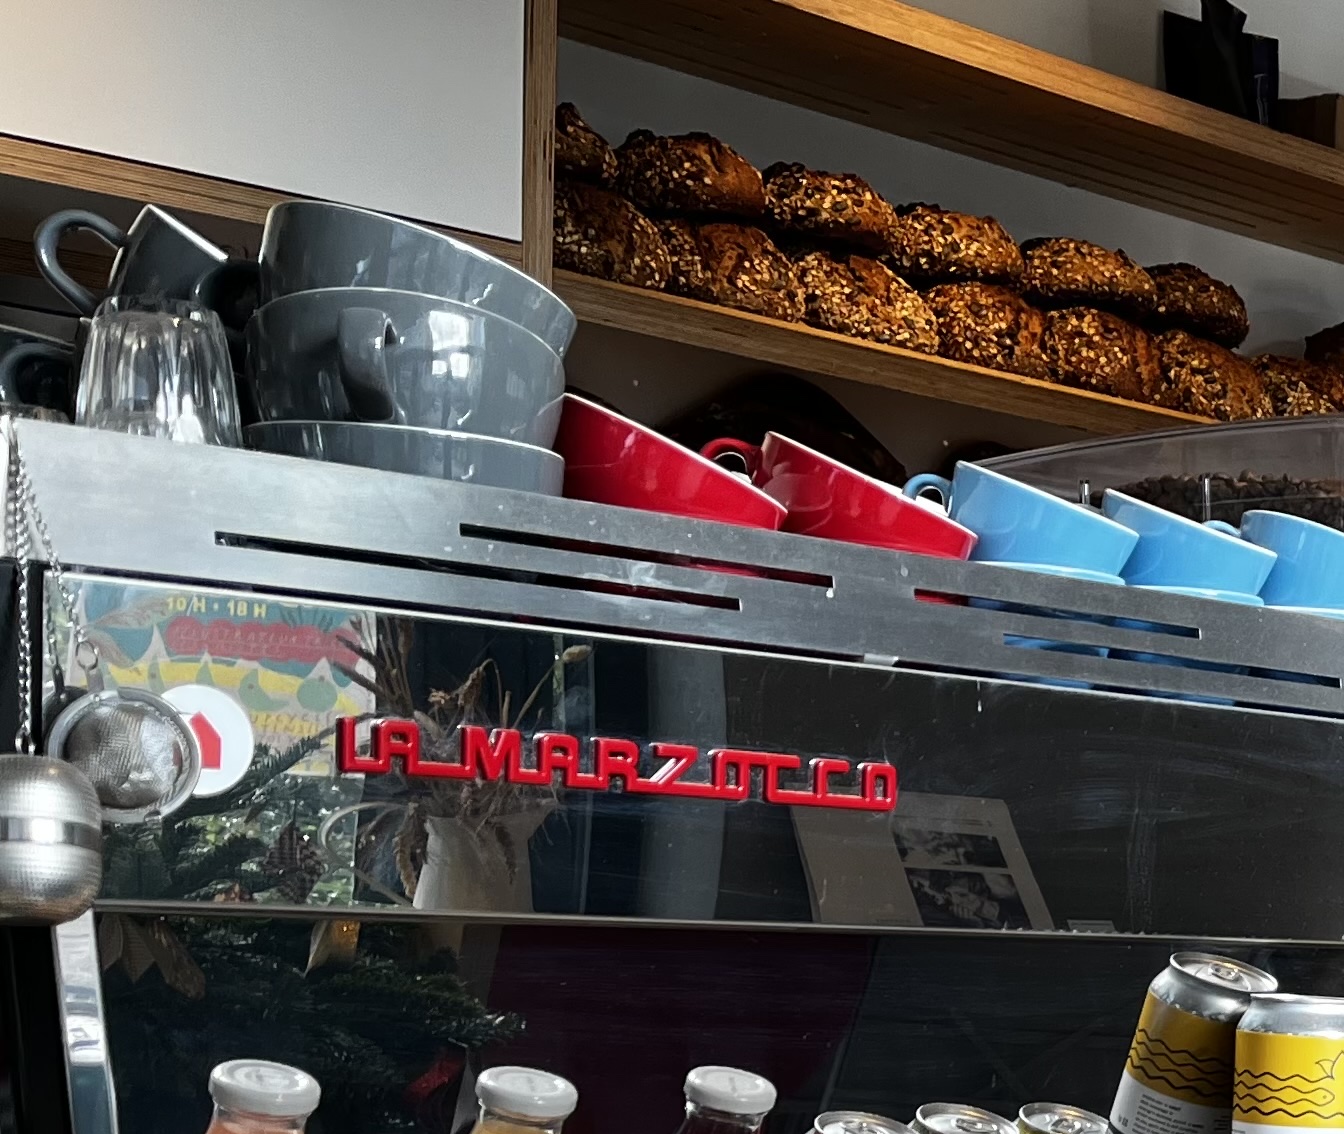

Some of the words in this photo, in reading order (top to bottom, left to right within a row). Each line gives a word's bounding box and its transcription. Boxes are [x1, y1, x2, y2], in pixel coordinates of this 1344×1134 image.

[167, 597, 187, 611] 10
[192, 598, 206, 613] H
[227, 600, 248, 616] 18
[254, 602, 267, 618] H
[334, 715, 422, 777] LA
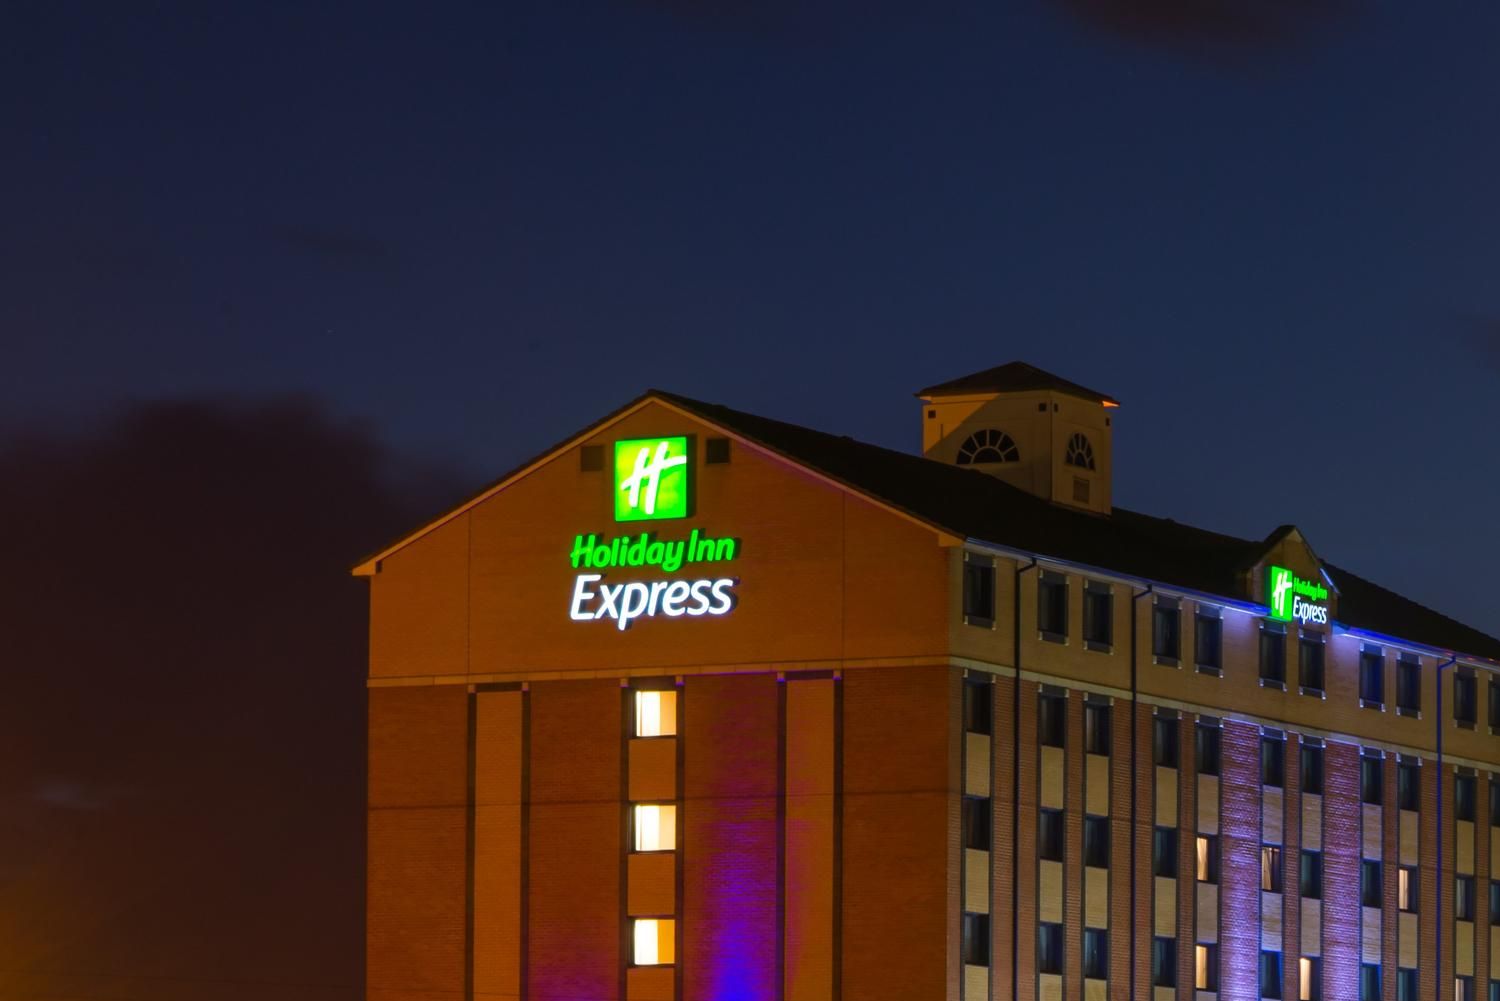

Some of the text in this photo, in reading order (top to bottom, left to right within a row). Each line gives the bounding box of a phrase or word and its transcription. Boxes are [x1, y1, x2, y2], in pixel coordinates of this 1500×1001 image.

━━━━

== What to work on ==
Reproduce the lines above exactly, image-free.

== Answer to this exercise ==
Some of the words in this photo, in reading order (top to bottom, left to right within a row). Each line gives a word's bounding box and its transcription. Boxes are [x1, y1, x2, y2], in pixel coordinates of this 1344×1134 image.

[167, 597, 187, 611] 10
[192, 598, 206, 613] H
[227, 600, 248, 616] 18
[254, 602, 267, 618] H
[334, 715, 422, 777] LA

Some of the text in this photo, in reading order (top to bottom, left to right within a row). Each line gives the bounding box of a phrase or word and its transcription. Boxes are [x1, y1, x2, y2], in pixel coordinates of this 1500×1001 image.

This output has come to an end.